How many words to go?

How many conduits remain for self-searching. How many new atoms survive for the brain to inhale?

Someonething about on-line text confuses me. It sets my delicate senses asunder. Text rises. Until I saw text on a screen I knew text to fall. It filled pages from the top down, accumulating underneath itself as if to illustrate that the introductory material was fortified in substance and, seemingly, in physical girth. With much online text the pattern is the opposite. Text rises. It piles skyward, to the off-screen atmospheric firmament in which textual overflow is inhaled. Even scrolling down a page causes the text to rise. That simple reversal of motion has bothered me since the Usenet days, when text rose up like spray from a fire hose, filling the screen from the bottom up, passing off the screen into a sort of oblivion. Until then I read text backwards or from bottom-to-top in the context of word puzzles and games, and even then I remember the arch feeling of my senses turned asunder.

Asunder asunder asunder.

“Body and soul being wrenched asunder … the sensations of an immense rough file thrust through the quivering fibers of the body” is the phrase I remember when I encounter the word “asunder”. That phrase is from an account of Thomas Edison’s assistant, Charles Batchelor, who accidentally stepped onto an electrified sheet of tin foil on which animals were experimentally electrocuted. The description of Batchelor’s near-death matched perfectly my memory of electrocuting myself as a child. I stuck my finger into a light socket. My body filled with a clean but angry energy. The power coursed through me steadily, but it seemed also to marshal its forcefulness as the seconds passed. I believe I escaped fatal peril only because the energy threw me a few feet across the room, forcibly dislodging my finger from the light fixture.
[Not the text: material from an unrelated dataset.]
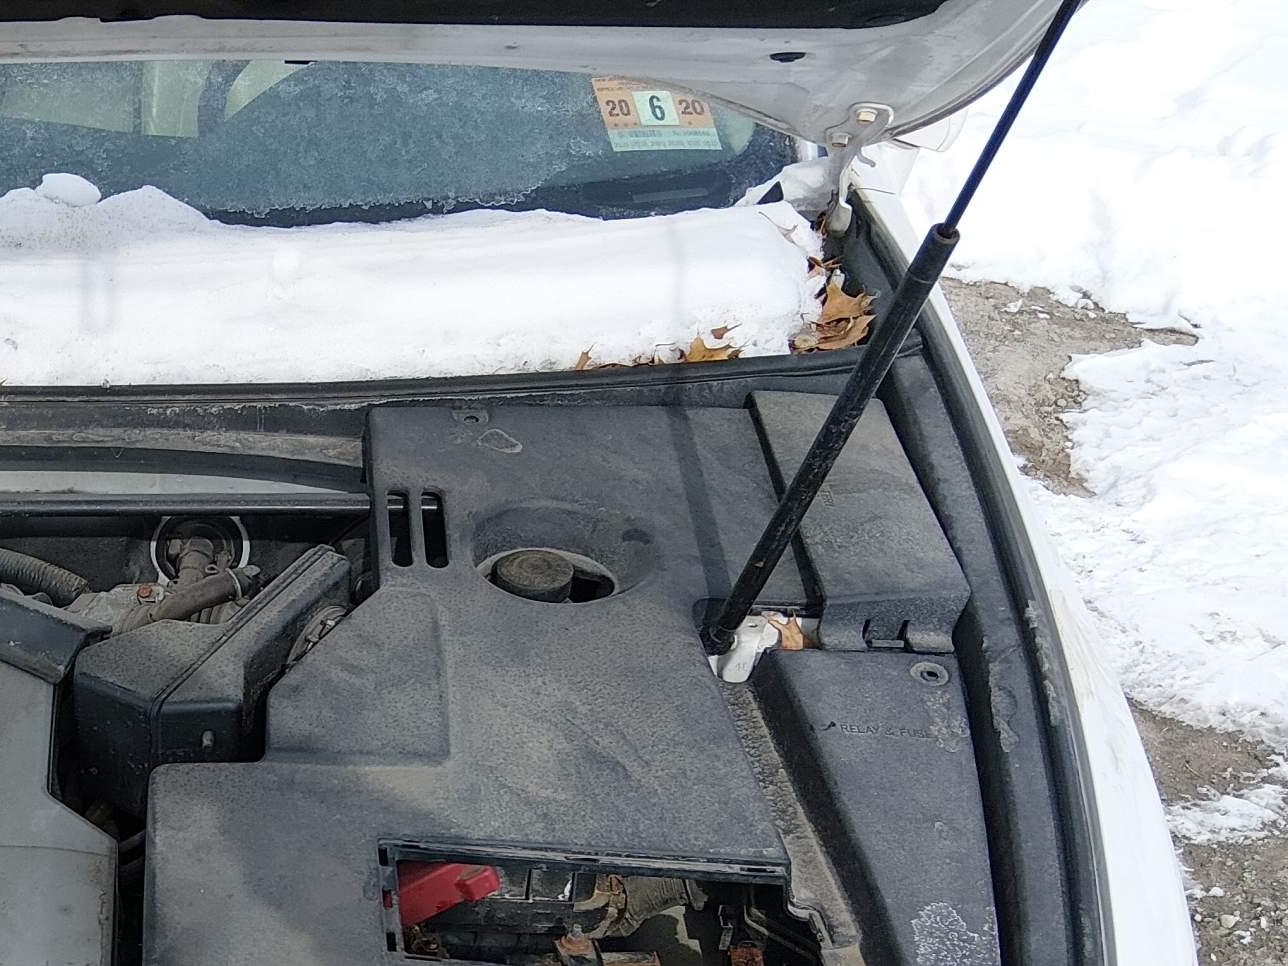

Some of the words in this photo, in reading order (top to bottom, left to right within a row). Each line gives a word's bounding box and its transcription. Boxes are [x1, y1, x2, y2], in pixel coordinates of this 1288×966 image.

Certain words raise resolute memories whenever I encounter them. Charged. I remember the girl who said she was “charged.” She said “I was soooo… Charged,” with emphasis on the CHAR. CHAAARRged. She was describing an anticipated sexual encounter between herself and a much older man she had just met at a hotel bar. They fondled each other in the elevator and she was almost overcome by anticipated satisfaction of unrequited desires and febrile lust. They entered the hotel room and he retreated to the bathroom. That’s when she said “I was sooo … CHARged!” She described her stomping around the room, disrobing, having trouble getting her bra off when the telephone rang. The man appeared from the bathroom to answer the phone. He was obviously talking to his wife. He silently gestured in various ways — apologetic, sorry, dismayed. Nothing he attempted could restore her drive, which had instantly evaporated. She left the hotel room, still putting her clothes back on, before he hung up the phone.

This story came near the end of a long-running saga in which Lisa (a woman in her early 20s) called an anonymous telephone confessional to air out and possibly make peace with her anger toward men. Nowadays we might refer more gingerly to the woman’s misandry as “issues” but she was never coy or unaware of herself in describing her anger and thoughts of malice toward men.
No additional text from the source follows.